In order to analyze the Python profiling data gathered by SageMaker Debugger, open a notebook, [interactive_analysis.ipynb](https://github.com/aws/amazon-sagemaker-examples/tree/master/sagemaker-debugger/profiling_analysis_tools/interactive_analysis.ipynb), which is in SageMaker Debugger example git repo. Then, set your training job and the AWS region where your training job exists in the notebook. 

```python
training_job_name = '<PUT YOUR TRANING JOB NAME>'
region = '<AWS REGION WHERE THE TRAINING JOB WAS EXECUTED>' 
```

Execute the notebook code one by one, and you will meet a plot similar to this. This is a zoom-in version of the above plots. Follow the guide in the notebook to choose the time interval for dive deep investigation. 

![Debugger-in-Studio](./images/datapipeline-bottleneck-cpugpuutil.png)

The list of function names executed during the selected period is given as below, and the execution time of each function is also printed. In our case, `GetNext` functions consumed CPU cycle mostly, and `GetNext` function is related to get the next example. 

```python
view_timeline_charts.find_time_annotations([13527,13548])  
```

```
Selected timerange: 1606920919.15031 to 1606920929.67799 
Spent 0.079906123 ms (cumulative time) in Step:ModeKeys.TRAIN_79 
Spent 3.202e-06 ms (cumulative time) in PipeModeDatasetOp::Dataset::Iterator::GetNext 
Spent 3.5277999999999976e-05 ms (cumulative time) in tensorflow::data::(anonymous namespace)::ParallelMapIterator::GetNext 
Spent 9.340299999999999e-05 ms (cumulative time) in tensorflow::data::RepeatDatasetOp::Dataset::ForeverIterator::GetNext 
Spent 9.553100000000004e-05 ms (cumulative time) in tensorflow::data::ShuffleDatasetOp::ReshufflingDatasetV2::Iterator::GetNext 
Spent 0.079633313 ms (cumulative time) in tensorflow::data::experimental::MapAndBatchDatasetOp::Dataset::Iterator::GetNext 
Spent 0.078741146 ms (cumulative time) in tensorflow::data::PrefetchDatasetOp::Dataset::Iterator::GetNext 
Spent 0.078741162 ms (cumulative time) in tensorflow::data::(anonymous namespace)::ModelDatasetOp::Dataset::Iterator::GetNext 
Spent 0.078741179 ms (cumulative time) in IteratorResource::GetNext 
Spent 0.078741203 ms (cumulative time) in IteratorGetNextOp::DoCompute 
```

You can also download the generated timeline file, and open it using Chrome Tracing tool, which visualizes the timeline profiling data. Agsin, `GetNext` is the most heavy function call. 
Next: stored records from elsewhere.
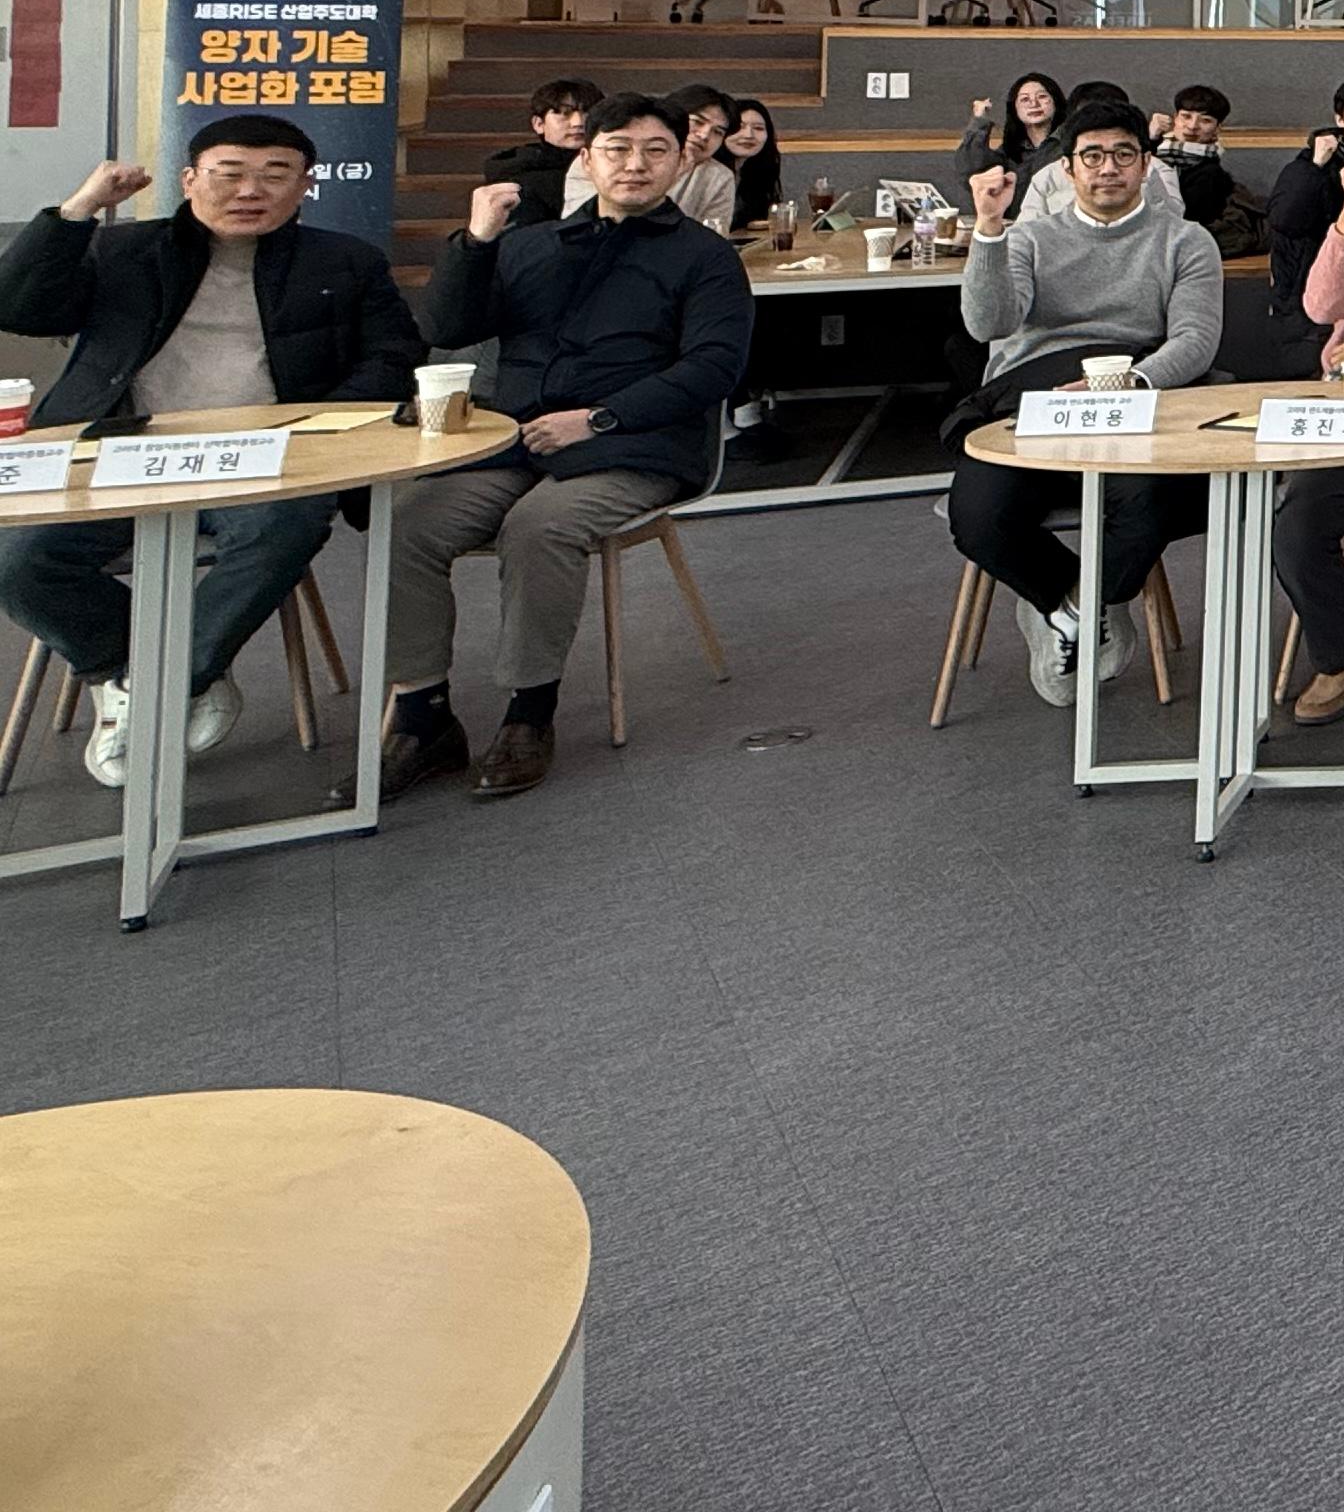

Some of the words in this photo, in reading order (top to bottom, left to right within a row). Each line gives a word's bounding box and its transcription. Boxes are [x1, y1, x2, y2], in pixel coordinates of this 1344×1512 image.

[194, 3, 277, 19] 세종RISE
[281, 4, 378, 20] 산업주도대학
[201, 30, 281, 63] 양자
[291, 30, 368, 63] 기술
[177, 71, 299, 105] 사업화
[309, 71, 386, 104] 포럼
[337, 162, 372, 180] (금)
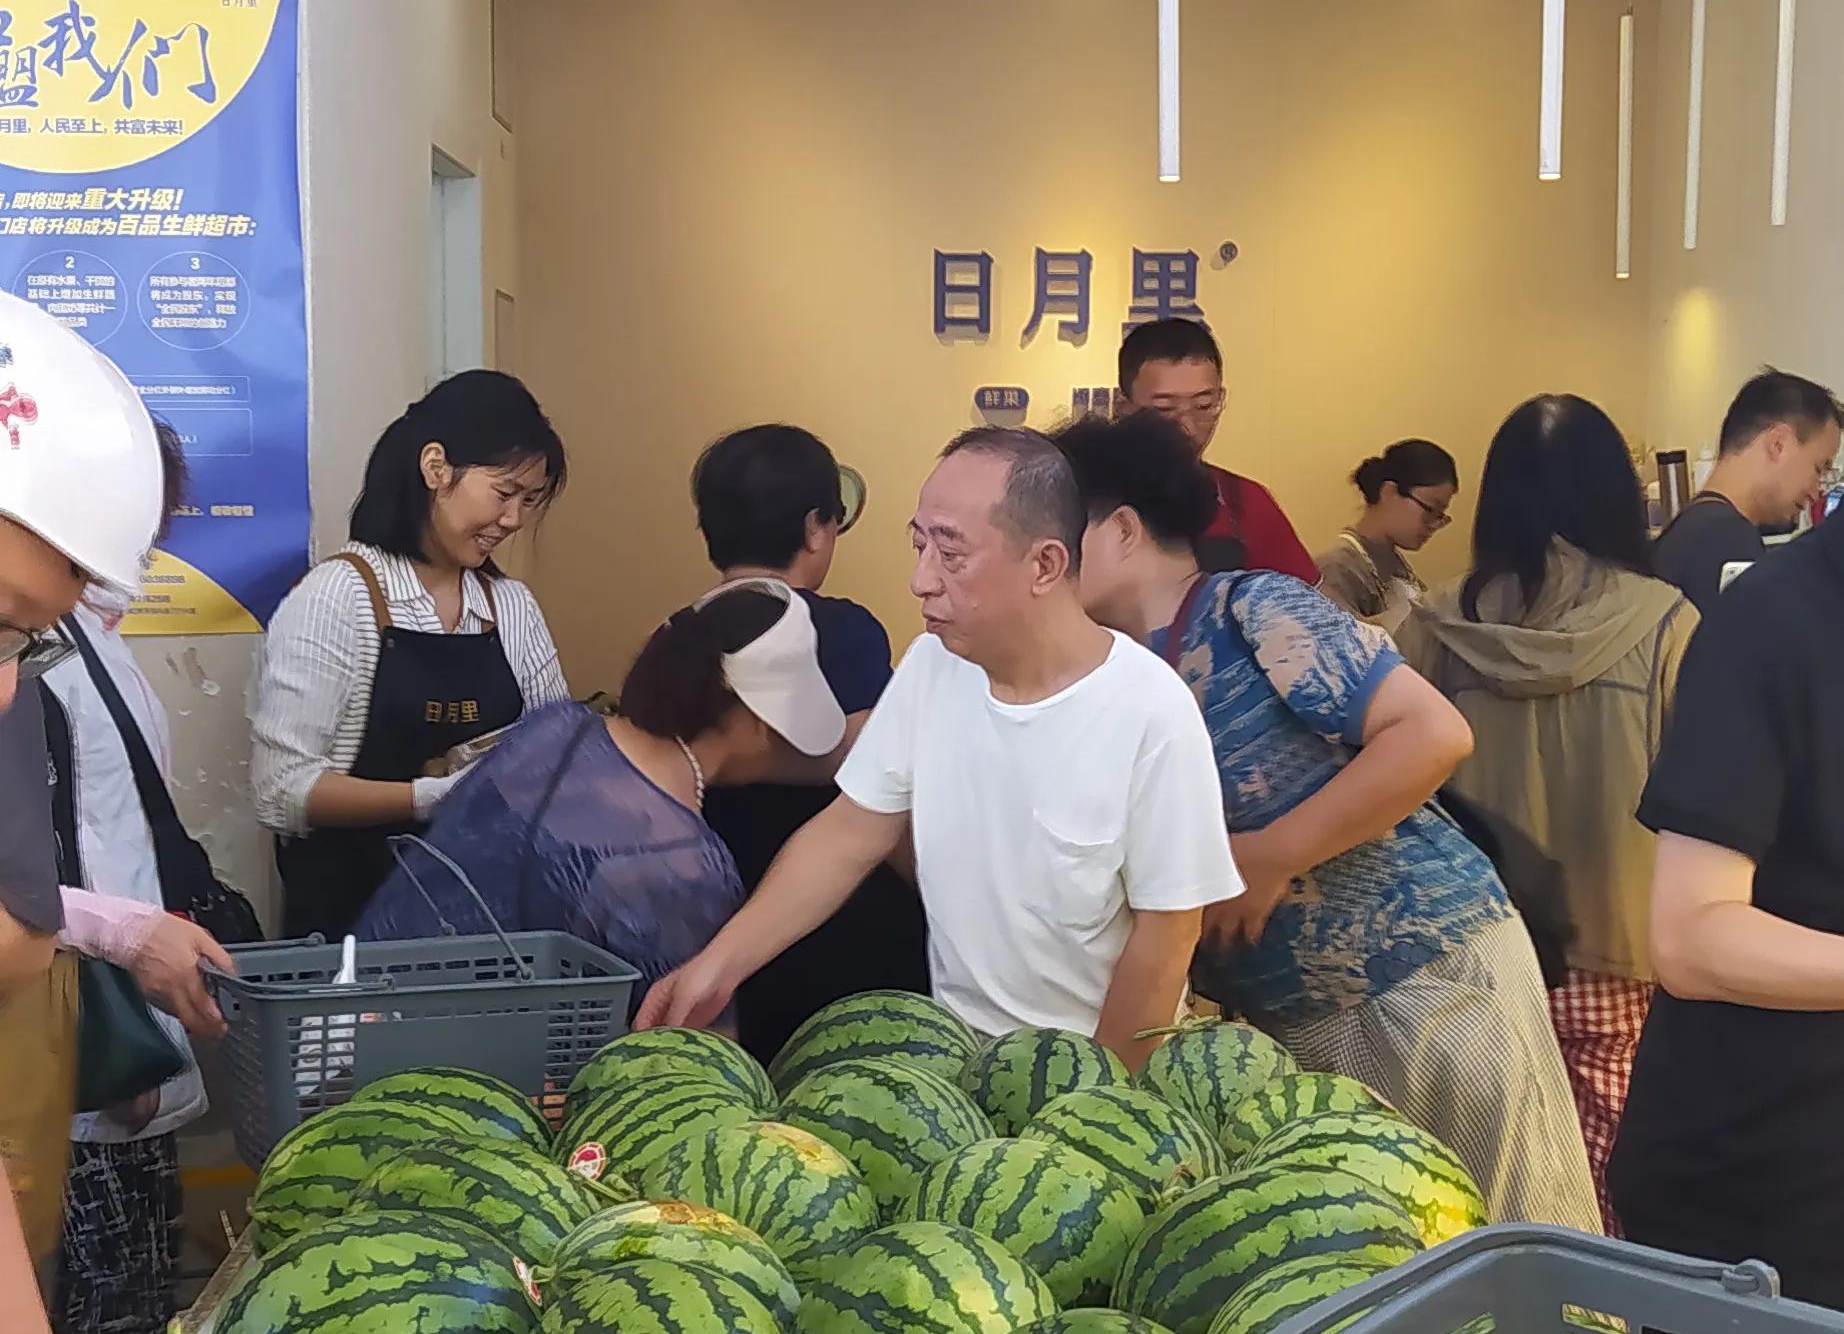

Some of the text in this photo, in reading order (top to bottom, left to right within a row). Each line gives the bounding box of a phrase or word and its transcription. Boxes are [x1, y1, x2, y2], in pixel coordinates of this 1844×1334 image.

[0, 0, 216, 109] 盟我们
[65, 256, 75, 269] 2
[190, 257, 201, 270] 3
[933, 246, 1212, 339] 日月里
[425, 700, 479, 723] 日月里
![Debugger-in-Studio](./images/datapipeline-bottleneck-timeline.png)

If you take a look at the data pipeline in the training code, there is a code to add Gaussian Blur filters in `data_augmentation` function which slow down the data pipelines to GPU. 

```python
def data_augmentation(image, label): 
    import tensorflow_addons as tfa 
    for i in range(1): 
        image = tfa.image.gaussian_filter2d(image=image, filter_shape=(11, 11), sigma=0.8) 
    return image, label 

if dataset_bottleneck: 
    dataset = dataset.map(data_augmentation, num_parallel_calls=tf.data.experimental.AUTOTUNE) 
```

This is the bottleneck you have to resolve either by removing it or applying this modification to the dataset in advance.